No. of Recommendations: 6
As some of you know, I've been thinking about the whole "fast food/sugar as vice" concept that seems to be increasingly cropping up, and it's one area where I just still can't quite get myself on board.

I wrote this to sort of start a conversation on the subject:

I feel like maybe I'm going a little rogue here. However, given the way things have been going I think some industries really are more abusive -- I gave the examples of financial companies and for-profit education companies. I went with the theme of, while some companies have products consumers might choose to abuse, some companies actually have products that abuse their customers.

I'm going to do a follow-up next week with a few other ideas.

Fortunately in this day and age we can invest in more positive companies instead of simply "blocking" certain industries. I think there was a time when it was hard to invest in a socially responsible way since there were so few companies that were going for virtue.

One thing John Mackey discussed in his talk at Fool HQ was the idea of financial companies having a good purpose (originally anyway) -- i.e., supplying capital to entrepreneurs. I get that, but the way it has all evolved has been so abusive -- not just too-big-to-fail, but also all the fees levied on customers, sub-prime lending, and the feeling that many customers were simply confused by fine-line disclosures or fees that had nothing to do with adding value for the customers, just adding value for the companies (fees levied on simple accounts and called things like "maintenance" or what have you).

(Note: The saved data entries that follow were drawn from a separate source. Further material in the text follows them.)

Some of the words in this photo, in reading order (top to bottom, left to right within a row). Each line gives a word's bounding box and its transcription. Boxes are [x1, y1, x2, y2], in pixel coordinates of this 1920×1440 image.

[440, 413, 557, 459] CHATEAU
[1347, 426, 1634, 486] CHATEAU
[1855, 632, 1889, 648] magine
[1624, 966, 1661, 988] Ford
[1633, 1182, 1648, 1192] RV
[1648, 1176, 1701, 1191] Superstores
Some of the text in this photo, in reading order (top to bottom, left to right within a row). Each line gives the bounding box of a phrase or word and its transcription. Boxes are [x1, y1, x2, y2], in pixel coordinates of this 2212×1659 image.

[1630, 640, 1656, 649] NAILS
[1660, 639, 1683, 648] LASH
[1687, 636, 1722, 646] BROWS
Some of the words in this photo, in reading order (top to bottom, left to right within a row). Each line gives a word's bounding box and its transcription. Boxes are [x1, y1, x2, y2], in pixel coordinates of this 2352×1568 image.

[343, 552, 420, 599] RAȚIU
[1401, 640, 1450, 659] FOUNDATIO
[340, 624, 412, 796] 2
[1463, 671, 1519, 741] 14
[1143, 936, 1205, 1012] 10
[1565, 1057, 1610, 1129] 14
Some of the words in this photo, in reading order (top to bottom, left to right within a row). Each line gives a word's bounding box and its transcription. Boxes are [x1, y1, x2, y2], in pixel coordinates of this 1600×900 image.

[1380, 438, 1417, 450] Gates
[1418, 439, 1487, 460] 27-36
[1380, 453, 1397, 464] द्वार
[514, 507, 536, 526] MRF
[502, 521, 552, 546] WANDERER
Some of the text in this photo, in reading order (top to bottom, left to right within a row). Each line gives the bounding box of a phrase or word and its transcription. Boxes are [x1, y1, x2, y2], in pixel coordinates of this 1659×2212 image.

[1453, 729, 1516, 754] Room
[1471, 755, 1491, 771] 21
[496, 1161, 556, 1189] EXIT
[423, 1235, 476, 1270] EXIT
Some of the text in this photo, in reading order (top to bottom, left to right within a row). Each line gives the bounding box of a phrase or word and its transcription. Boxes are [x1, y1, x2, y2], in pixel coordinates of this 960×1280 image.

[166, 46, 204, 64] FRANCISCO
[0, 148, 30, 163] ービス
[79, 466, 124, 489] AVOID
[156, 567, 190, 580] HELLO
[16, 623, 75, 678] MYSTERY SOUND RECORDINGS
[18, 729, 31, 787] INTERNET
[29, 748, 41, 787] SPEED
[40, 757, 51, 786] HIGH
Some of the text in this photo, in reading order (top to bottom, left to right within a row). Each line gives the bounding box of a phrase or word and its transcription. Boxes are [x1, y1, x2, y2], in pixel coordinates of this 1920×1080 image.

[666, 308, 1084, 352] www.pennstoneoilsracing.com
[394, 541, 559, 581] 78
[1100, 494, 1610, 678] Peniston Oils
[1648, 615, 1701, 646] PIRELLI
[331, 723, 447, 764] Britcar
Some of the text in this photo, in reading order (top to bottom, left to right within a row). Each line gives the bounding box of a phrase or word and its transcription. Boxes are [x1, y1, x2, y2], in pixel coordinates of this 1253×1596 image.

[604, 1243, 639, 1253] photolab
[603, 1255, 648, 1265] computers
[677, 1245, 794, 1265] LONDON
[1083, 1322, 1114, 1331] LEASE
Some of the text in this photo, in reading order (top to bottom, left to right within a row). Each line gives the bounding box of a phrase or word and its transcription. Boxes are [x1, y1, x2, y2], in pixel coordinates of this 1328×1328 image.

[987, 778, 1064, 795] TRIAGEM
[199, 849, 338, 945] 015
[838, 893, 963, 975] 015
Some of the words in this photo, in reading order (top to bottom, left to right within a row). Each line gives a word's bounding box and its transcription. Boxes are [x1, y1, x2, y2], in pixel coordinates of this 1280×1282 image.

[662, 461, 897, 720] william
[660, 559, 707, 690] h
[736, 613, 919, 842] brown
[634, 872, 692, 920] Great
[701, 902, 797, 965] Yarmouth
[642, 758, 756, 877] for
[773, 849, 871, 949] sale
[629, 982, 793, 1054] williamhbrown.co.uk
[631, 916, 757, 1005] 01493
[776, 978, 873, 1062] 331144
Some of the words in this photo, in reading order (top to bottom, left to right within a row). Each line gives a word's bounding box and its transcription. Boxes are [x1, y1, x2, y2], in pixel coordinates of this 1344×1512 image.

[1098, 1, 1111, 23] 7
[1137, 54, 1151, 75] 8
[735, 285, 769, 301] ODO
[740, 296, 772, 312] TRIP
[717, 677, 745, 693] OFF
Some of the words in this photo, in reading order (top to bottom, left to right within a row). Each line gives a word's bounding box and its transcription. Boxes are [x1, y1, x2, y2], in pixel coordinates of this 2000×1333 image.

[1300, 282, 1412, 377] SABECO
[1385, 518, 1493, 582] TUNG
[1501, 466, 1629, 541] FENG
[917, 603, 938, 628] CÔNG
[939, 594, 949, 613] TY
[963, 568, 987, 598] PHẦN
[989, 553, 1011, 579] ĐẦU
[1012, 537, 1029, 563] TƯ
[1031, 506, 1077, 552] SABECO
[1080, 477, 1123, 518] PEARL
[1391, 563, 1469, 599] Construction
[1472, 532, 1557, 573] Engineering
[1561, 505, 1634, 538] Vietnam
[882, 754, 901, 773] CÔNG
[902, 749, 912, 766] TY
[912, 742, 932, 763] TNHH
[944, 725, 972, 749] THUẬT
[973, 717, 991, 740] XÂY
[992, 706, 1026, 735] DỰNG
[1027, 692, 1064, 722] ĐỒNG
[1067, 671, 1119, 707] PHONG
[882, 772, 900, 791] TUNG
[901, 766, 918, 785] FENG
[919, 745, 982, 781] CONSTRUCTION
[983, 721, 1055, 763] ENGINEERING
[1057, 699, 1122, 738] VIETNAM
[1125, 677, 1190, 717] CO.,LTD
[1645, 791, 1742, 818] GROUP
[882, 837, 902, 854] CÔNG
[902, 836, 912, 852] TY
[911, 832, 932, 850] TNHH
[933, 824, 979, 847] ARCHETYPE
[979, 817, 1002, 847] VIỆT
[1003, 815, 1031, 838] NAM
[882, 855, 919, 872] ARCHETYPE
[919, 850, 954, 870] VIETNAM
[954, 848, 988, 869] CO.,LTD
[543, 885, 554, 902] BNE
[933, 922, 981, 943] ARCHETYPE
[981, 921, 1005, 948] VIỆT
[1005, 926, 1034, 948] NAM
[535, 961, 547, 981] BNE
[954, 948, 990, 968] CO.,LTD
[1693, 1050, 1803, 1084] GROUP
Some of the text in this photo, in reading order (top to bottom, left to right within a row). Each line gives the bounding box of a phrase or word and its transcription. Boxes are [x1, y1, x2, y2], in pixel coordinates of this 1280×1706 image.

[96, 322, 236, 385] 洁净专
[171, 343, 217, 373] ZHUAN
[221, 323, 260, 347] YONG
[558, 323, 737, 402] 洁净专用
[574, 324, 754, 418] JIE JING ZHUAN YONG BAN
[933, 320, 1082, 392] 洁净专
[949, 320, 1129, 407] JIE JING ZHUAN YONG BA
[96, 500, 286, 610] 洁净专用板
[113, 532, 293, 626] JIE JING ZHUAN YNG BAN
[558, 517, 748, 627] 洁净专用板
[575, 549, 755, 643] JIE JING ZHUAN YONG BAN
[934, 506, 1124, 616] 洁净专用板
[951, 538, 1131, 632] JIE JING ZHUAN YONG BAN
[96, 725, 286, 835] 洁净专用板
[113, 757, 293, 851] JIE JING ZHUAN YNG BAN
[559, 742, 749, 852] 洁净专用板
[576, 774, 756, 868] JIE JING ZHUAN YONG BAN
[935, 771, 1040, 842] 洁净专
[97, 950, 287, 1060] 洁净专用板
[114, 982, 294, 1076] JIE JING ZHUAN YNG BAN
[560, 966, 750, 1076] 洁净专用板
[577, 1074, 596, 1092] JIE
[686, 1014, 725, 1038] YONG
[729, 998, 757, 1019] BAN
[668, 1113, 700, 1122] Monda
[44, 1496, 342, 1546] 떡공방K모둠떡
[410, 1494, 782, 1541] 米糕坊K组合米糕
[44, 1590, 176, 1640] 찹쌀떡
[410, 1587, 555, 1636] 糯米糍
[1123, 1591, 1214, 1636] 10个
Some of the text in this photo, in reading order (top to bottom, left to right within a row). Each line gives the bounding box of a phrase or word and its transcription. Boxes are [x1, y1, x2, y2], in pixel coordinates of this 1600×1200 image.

Anyway. So far the only comment on the article in terms of other vice companies/industries is "Monsanto." ;)

I think it's good to sometimes discuss what might be rethought, and I thought "vice stocks" was an interesting area to tackle, since it is evolving to include other industries anyway. And the interesting part of some traditional vice stocks is they have actually been forced to either make changes or be more transparent by admitting their products are dangerous and educating about the dangers of excessive use.